**WHAT TO WORK ON**
Since the pictures are not wanted, reproduce only the rest of the records, exactly as given.

**DATA FOR THE TASK**
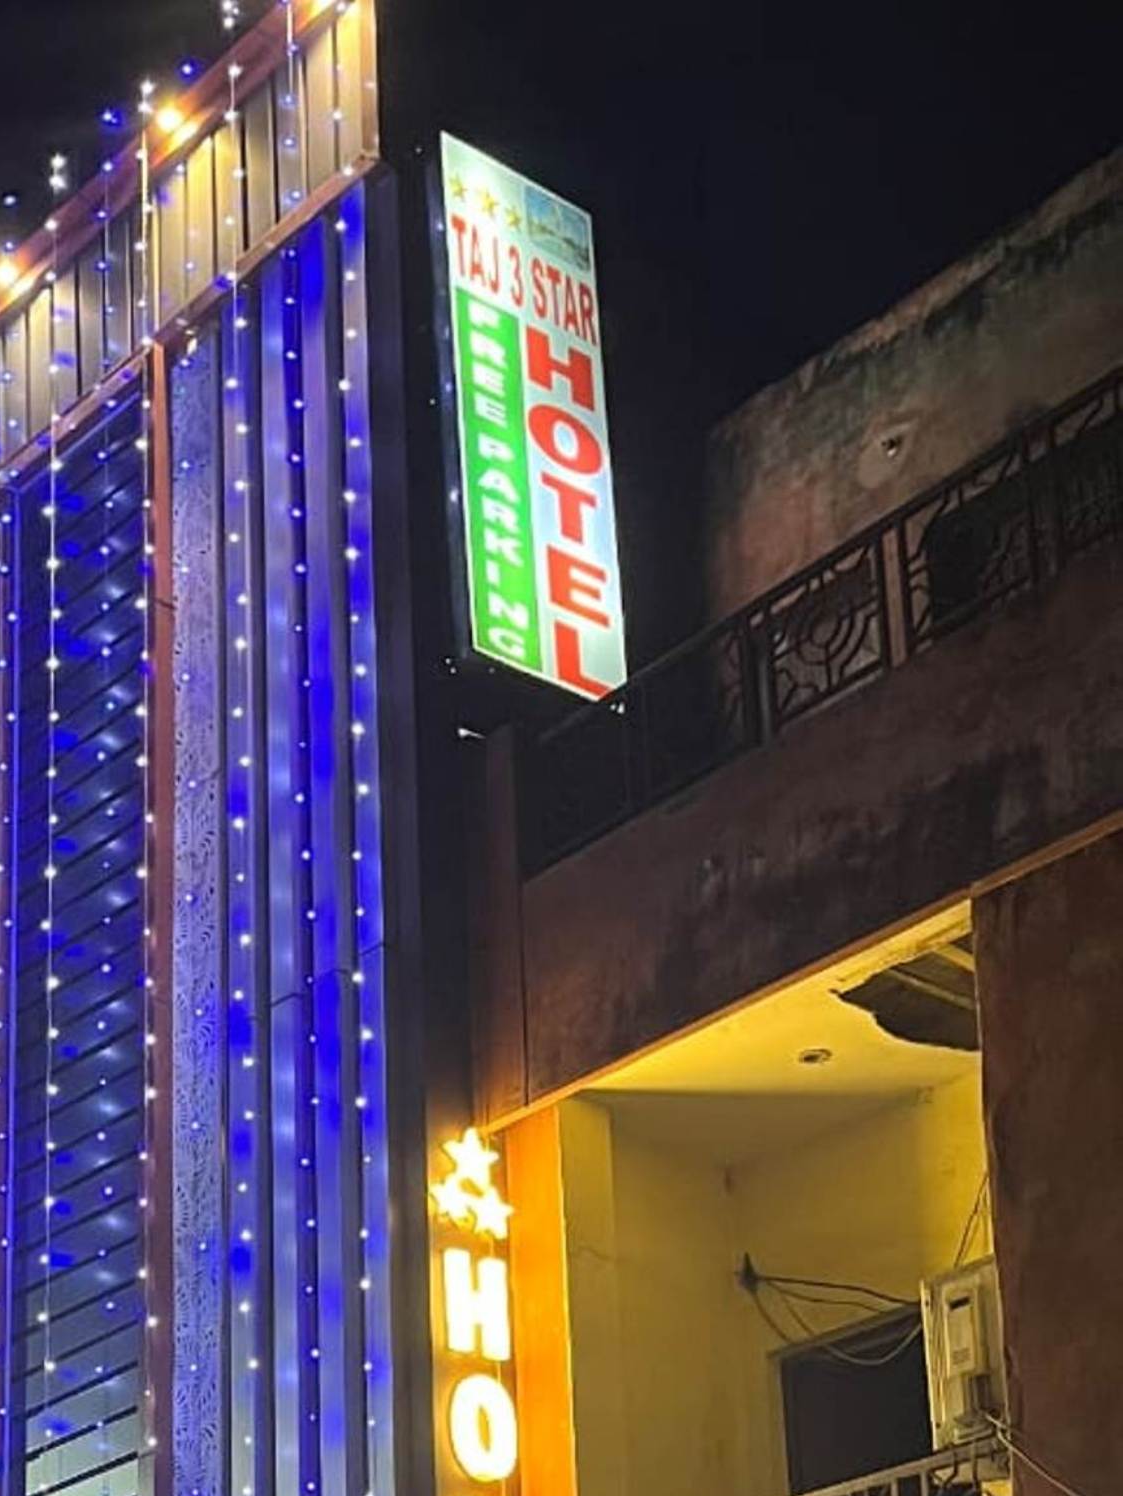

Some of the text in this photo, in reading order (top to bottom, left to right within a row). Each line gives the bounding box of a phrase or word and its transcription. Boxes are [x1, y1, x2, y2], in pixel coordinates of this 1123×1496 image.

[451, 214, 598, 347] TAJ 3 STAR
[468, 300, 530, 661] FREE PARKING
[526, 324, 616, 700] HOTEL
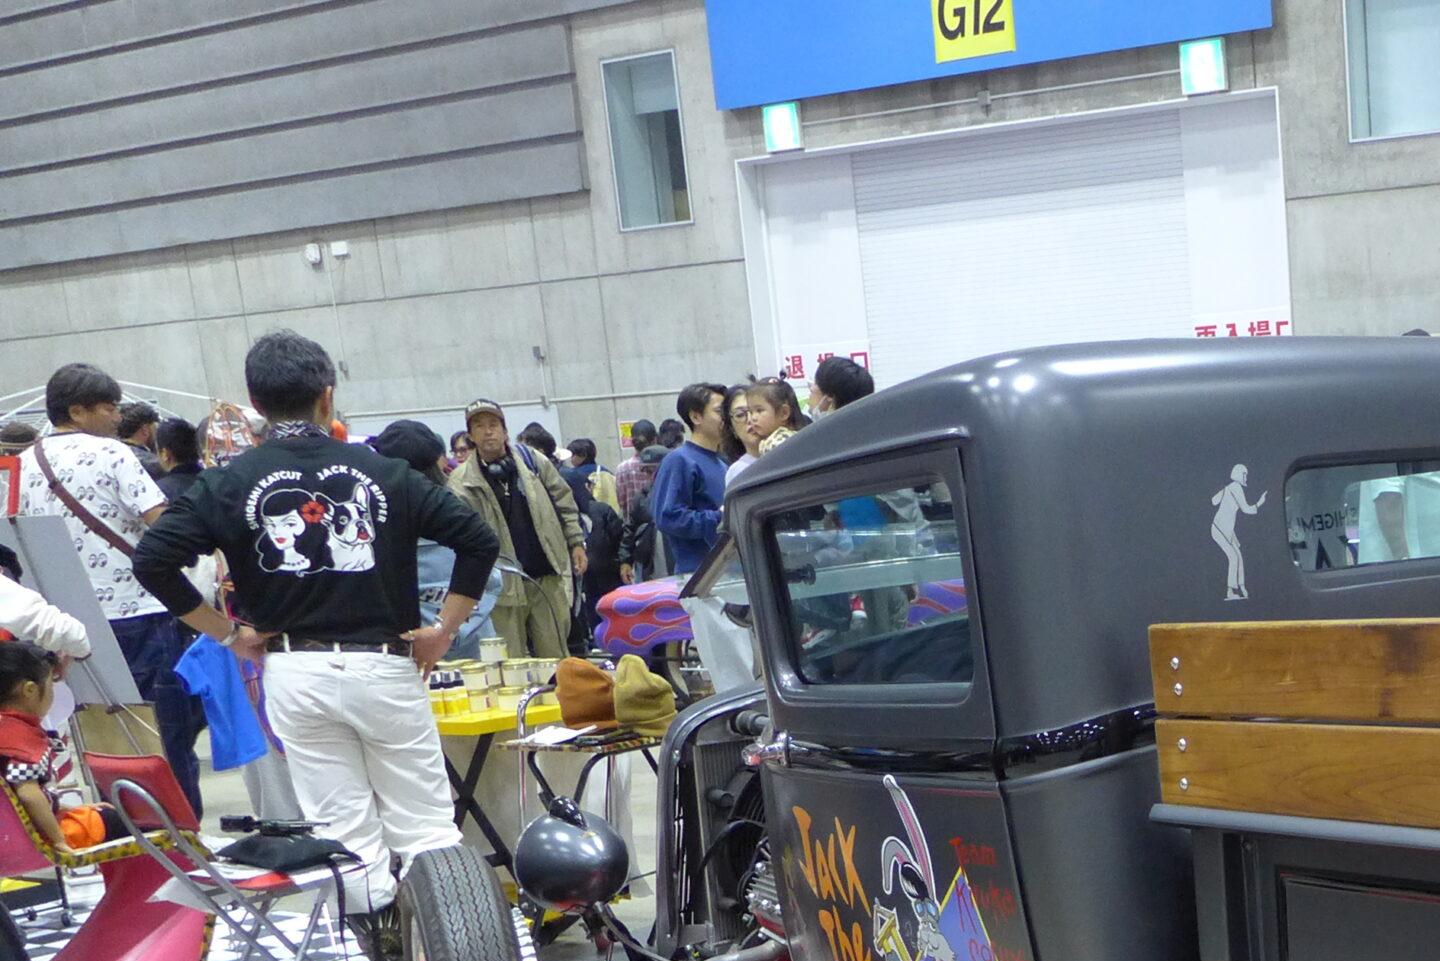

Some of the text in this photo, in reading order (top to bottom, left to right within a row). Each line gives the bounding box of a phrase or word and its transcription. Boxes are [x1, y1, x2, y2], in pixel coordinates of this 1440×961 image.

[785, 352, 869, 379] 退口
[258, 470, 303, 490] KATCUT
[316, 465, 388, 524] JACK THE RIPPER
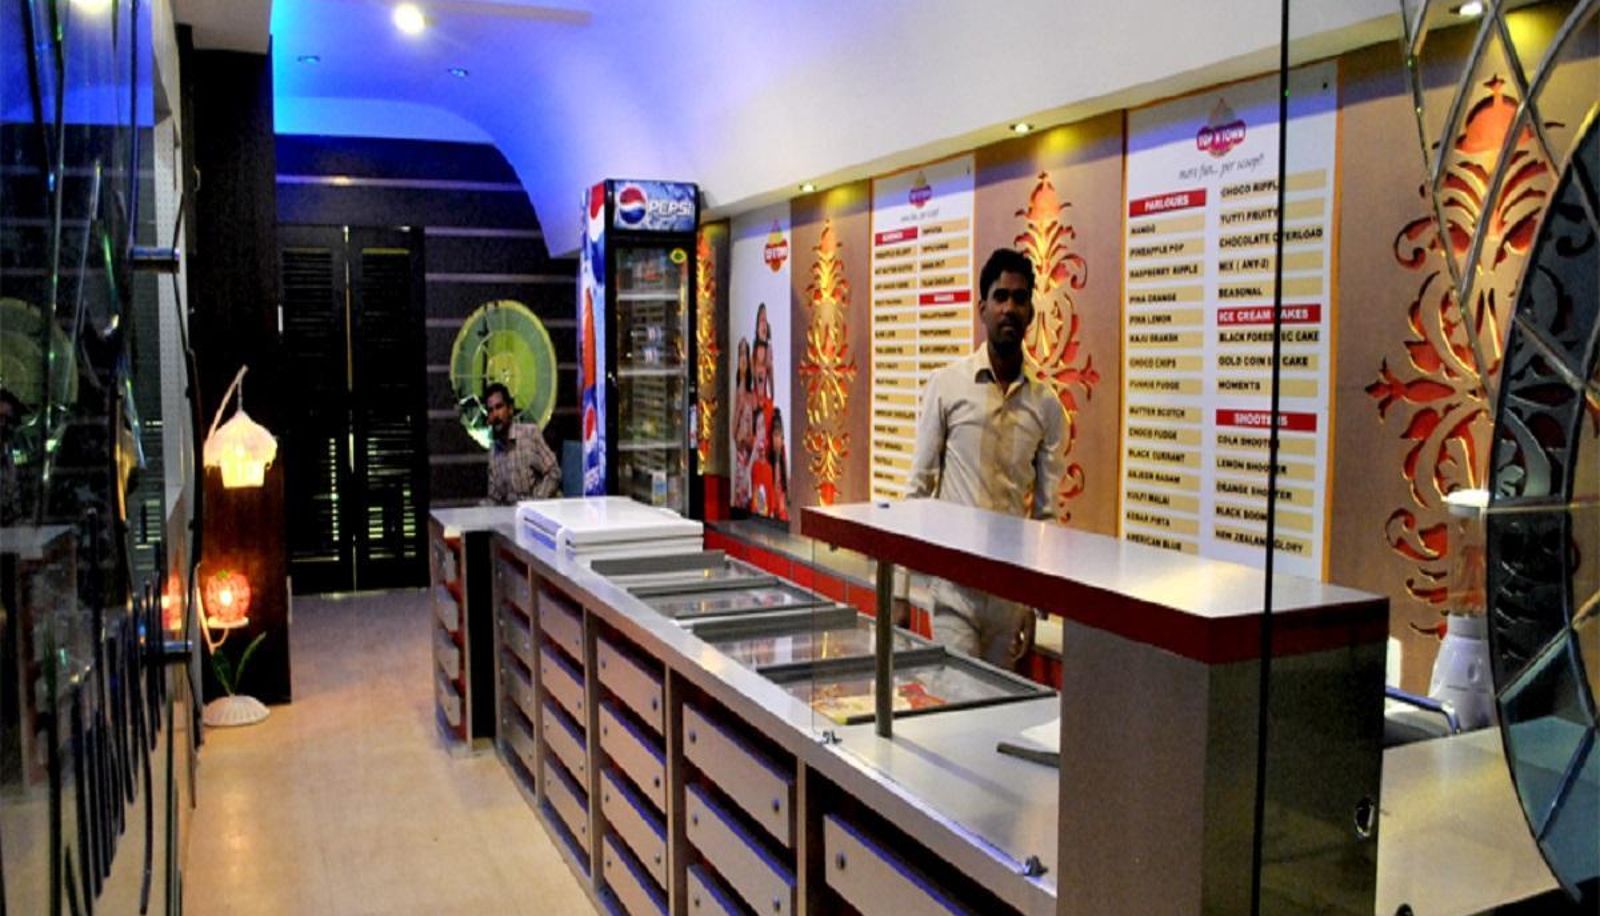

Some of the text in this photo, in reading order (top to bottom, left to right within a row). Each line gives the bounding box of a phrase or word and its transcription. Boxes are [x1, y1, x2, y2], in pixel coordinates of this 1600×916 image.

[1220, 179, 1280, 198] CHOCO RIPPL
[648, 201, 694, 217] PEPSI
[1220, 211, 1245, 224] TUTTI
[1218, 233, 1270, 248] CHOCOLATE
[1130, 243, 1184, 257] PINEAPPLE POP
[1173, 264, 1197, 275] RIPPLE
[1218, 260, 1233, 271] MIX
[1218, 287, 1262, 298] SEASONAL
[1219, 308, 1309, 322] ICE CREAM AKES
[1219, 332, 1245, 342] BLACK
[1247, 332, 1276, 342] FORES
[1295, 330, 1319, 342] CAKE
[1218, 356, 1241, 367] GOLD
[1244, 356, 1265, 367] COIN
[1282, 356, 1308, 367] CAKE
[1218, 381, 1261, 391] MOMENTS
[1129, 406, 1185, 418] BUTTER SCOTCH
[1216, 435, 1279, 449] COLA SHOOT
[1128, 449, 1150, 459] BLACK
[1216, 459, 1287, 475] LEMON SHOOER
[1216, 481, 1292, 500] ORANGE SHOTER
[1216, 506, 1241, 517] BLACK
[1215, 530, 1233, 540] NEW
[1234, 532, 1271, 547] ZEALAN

**RESPONSE TO THE TASK**
Some of the text in this photo, in reading order (top to bottom, left to right within a row). Each line gives the bounding box of a phrase or word and its transcription. Boxes are [x1, y1, x2, y2], in pixel coordinates of this 1123×1496 image.

[451, 214, 598, 347] TAJ 3 STAR
[468, 300, 530, 661] FREE PARKING
[526, 324, 616, 700] HOTEL

Some of the text in this photo, in reading order (top to bottom, left to right within a row). Each line gives the bounding box of a phrase or word and its transcription. Boxes are [x1, y1, x2, y2], in pixel coordinates of this 1440×961 image.

[785, 352, 869, 379] 退口
[258, 470, 303, 490] KATCUT
[316, 465, 388, 524] JACK THE RIPPER

Some of the text in this photo, in reading order (top to bottom, left to right within a row). Each line gives the bounding box of a phrase or word and its transcription. Boxes are [x1, y1, x2, y2], in pixel coordinates of this 1600×916 image.

[1220, 179, 1280, 198] CHOCO RIPPL
[648, 201, 694, 217] PEPSI
[1220, 211, 1245, 224] TUTTI
[1218, 233, 1270, 248] CHOCOLATE
[1130, 243, 1184, 257] PINEAPPLE POP
[1173, 264, 1197, 275] RIPPLE
[1218, 260, 1233, 271] MIX
[1218, 287, 1262, 298] SEASONAL
[1219, 308, 1309, 322] ICE CREAM AKES
[1219, 332, 1245, 342] BLACK
[1247, 332, 1276, 342] FORES
[1295, 330, 1319, 342] CAKE
[1218, 356, 1241, 367] GOLD
[1244, 356, 1265, 367] COIN
[1282, 356, 1308, 367] CAKE
[1218, 381, 1261, 391] MOMENTS
[1129, 406, 1185, 418] BUTTER SCOTCH
[1216, 435, 1279, 449] COLA SHOOT
[1128, 449, 1150, 459] BLACK
[1216, 459, 1287, 475] LEMON SHOOER
[1216, 481, 1292, 500] ORANGE SHOTER
[1216, 506, 1241, 517] BLACK
[1215, 530, 1233, 540] NEW
[1234, 532, 1271, 547] ZEALAN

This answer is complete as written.